**Your objective:** Return the whole listing, keeping every character the same.
┌────────
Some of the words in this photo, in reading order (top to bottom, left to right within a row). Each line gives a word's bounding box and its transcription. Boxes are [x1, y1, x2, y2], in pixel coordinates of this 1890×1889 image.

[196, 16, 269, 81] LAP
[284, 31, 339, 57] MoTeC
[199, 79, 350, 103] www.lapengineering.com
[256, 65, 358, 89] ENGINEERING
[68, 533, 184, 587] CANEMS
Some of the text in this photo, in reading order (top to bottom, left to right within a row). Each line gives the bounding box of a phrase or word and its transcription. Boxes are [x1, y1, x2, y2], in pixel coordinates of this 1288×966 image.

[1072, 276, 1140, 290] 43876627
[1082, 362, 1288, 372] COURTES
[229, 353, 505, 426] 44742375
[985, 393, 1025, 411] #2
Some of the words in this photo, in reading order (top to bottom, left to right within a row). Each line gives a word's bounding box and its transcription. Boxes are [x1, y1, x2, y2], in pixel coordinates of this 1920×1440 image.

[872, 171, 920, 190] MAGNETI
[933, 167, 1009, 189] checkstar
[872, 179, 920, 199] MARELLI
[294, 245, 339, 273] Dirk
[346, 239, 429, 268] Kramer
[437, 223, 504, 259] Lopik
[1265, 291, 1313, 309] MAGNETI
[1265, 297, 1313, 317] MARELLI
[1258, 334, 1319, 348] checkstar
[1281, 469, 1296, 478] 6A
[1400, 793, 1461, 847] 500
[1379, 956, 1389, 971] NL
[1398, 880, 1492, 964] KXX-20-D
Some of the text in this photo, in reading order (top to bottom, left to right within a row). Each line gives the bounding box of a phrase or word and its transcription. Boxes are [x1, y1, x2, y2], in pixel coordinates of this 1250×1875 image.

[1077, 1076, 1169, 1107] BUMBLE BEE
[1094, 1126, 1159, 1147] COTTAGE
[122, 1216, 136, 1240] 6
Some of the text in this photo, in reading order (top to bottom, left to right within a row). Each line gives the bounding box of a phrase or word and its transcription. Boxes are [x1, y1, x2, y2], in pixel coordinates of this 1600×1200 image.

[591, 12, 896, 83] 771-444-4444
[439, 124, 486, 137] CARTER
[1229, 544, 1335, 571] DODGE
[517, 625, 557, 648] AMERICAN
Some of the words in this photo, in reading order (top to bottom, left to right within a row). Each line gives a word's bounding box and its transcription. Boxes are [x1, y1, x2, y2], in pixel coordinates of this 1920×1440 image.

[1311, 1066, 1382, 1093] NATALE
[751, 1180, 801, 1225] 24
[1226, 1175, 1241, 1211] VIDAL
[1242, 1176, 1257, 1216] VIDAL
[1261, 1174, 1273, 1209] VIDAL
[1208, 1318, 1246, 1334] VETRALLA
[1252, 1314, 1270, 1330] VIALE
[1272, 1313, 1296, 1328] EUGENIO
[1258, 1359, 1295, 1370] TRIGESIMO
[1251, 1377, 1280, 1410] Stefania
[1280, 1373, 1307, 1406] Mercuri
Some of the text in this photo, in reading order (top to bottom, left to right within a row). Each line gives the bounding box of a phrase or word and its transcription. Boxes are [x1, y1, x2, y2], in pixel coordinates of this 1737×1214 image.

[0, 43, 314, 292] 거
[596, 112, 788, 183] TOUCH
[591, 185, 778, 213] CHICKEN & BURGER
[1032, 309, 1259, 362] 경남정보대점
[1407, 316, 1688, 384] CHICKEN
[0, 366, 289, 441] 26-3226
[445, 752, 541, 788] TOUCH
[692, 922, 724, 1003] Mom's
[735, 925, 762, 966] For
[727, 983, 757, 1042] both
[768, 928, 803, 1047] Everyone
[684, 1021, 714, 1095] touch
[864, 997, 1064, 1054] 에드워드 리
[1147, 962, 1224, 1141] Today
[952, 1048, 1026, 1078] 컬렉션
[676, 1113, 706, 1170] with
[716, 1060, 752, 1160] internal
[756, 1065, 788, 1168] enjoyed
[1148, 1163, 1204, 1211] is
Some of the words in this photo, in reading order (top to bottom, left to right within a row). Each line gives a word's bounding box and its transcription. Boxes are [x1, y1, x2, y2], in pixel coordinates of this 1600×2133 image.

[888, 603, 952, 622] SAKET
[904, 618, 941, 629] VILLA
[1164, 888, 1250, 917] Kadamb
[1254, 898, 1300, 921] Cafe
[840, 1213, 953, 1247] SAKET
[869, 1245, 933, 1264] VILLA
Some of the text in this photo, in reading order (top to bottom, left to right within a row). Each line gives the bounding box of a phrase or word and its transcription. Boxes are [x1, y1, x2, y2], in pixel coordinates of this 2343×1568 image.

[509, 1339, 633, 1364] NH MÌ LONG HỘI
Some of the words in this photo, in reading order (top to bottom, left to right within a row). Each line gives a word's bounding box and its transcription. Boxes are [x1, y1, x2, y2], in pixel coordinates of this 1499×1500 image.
└────────
**Reply to the exercise:**
Some of the words in this photo, in reading order (top to bottom, left to right within a row). Each line gives a word's bounding box and its transcription. Boxes are [x1, y1, x2, y2], in pixel coordinates of this 1890×1889 image.

[196, 16, 269, 81] LAP
[284, 31, 339, 57] MoTeC
[199, 79, 350, 103] www.lapengineering.com
[256, 65, 358, 89] ENGINEERING
[68, 533, 184, 587] CANEMS
Some of the text in this photo, in reading order (top to bottom, left to right within a row). Each line gives the bounding box of a phrase or word and its transcription. Boxes are [x1, y1, x2, y2], in pixel coordinates of this 1288×966 image.

[1072, 276, 1140, 290] 43876627
[1082, 362, 1288, 372] COURTES
[229, 353, 505, 426] 44742375
[985, 393, 1025, 411] #2
Some of the words in this photo, in reading order (top to bottom, left to right within a row). Each line gives a word's bounding box and its transcription. Boxes are [x1, y1, x2, y2], in pixel coordinates of this 1920×1440 image.

[872, 171, 920, 190] MAGNETI
[933, 167, 1009, 189] checkstar
[872, 179, 920, 199] MARELLI
[294, 245, 339, 273] Dirk
[346, 239, 429, 268] Kramer
[437, 223, 504, 259] Lopik
[1265, 291, 1313, 309] MAGNETI
[1265, 297, 1313, 317] MARELLI
[1258, 334, 1319, 348] checkstar
[1281, 469, 1296, 478] 6A
[1400, 793, 1461, 847] 500
[1379, 956, 1389, 971] NL
[1398, 880, 1492, 964] KXX-20-D
Some of the text in this photo, in reading order (top to bottom, left to right within a row). Each line gives the bounding box of a phrase or word and its transcription. Boxes are [x1, y1, x2, y2], in pixel coordinates of this 1250×1875 image.

[1077, 1076, 1169, 1107] BUMBLE BEE
[1094, 1126, 1159, 1147] COTTAGE
[122, 1216, 136, 1240] 6
Some of the text in this photo, in reading order (top to bottom, left to right within a row). Each line gives the bounding box of a phrase or word and its transcription. Boxes are [x1, y1, x2, y2], in pixel coordinates of this 1600×1200 image.

[591, 12, 896, 83] 771-444-4444
[439, 124, 486, 137] CARTER
[1229, 544, 1335, 571] DODGE
[517, 625, 557, 648] AMERICAN
Some of the words in this photo, in reading order (top to bottom, left to right within a row). Each line gives a word's bounding box and its transcription. Boxes are [x1, y1, x2, y2], in pixel coordinates of this 1920×1440 image.

[1311, 1066, 1382, 1093] NATALE
[751, 1180, 801, 1225] 24
[1226, 1175, 1241, 1211] VIDAL
[1242, 1176, 1257, 1216] VIDAL
[1261, 1174, 1273, 1209] VIDAL
[1208, 1318, 1246, 1334] VETRALLA
[1252, 1314, 1270, 1330] VIALE
[1272, 1313, 1296, 1328] EUGENIO
[1258, 1359, 1295, 1370] TRIGESIMO
[1251, 1377, 1280, 1410] Stefania
[1280, 1373, 1307, 1406] Mercuri
Some of the text in this photo, in reading order (top to bottom, left to right within a row). Each line gives the bounding box of a phrase or word and its transcription. Boxes are [x1, y1, x2, y2], in pixel coordinates of this 1737×1214 image.

[0, 43, 314, 292] 거
[596, 112, 788, 183] TOUCH
[591, 185, 778, 213] CHICKEN & BURGER
[1032, 309, 1259, 362] 경남정보대점
[1407, 316, 1688, 384] CHICKEN
[0, 366, 289, 441] 26-3226
[445, 752, 541, 788] TOUCH
[692, 922, 724, 1003] Mom's
[735, 925, 762, 966] For
[727, 983, 757, 1042] both
[768, 928, 803, 1047] Everyone
[684, 1021, 714, 1095] touch
[864, 997, 1064, 1054] 에드워드 리
[1147, 962, 1224, 1141] Today
[952, 1048, 1026, 1078] 컬렉션
[676, 1113, 706, 1170] with
[716, 1060, 752, 1160] internal
[756, 1065, 788, 1168] enjoyed
[1148, 1163, 1204, 1211] is
Some of the words in this photo, in reading order (top to bottom, left to right within a row). Each line gives a word's bounding box and its transcription. Boxes are [x1, y1, x2, y2], in pixel coordinates of this 1600×2133 image.

[888, 603, 952, 622] SAKET
[904, 618, 941, 629] VILLA
[1164, 888, 1250, 917] Kadamb
[1254, 898, 1300, 921] Cafe
[840, 1213, 953, 1247] SAKET
[869, 1245, 933, 1264] VILLA
Some of the text in this photo, in reading order (top to bottom, left to right within a row). Each line gives the bounding box of a phrase or word and its transcription. Boxes are [x1, y1, x2, y2], in pixel coordinates of this 2343×1568 image.

[509, 1339, 633, 1364] NH MÌ LONG HỘI
Some of the words in this photo, in reading order (top to bottom, left to right within a row). Each line gives a word's bounding box and its transcription. Boxes are [x1, y1, x2, y2], in pixel coordinates of this 1499×1500 image.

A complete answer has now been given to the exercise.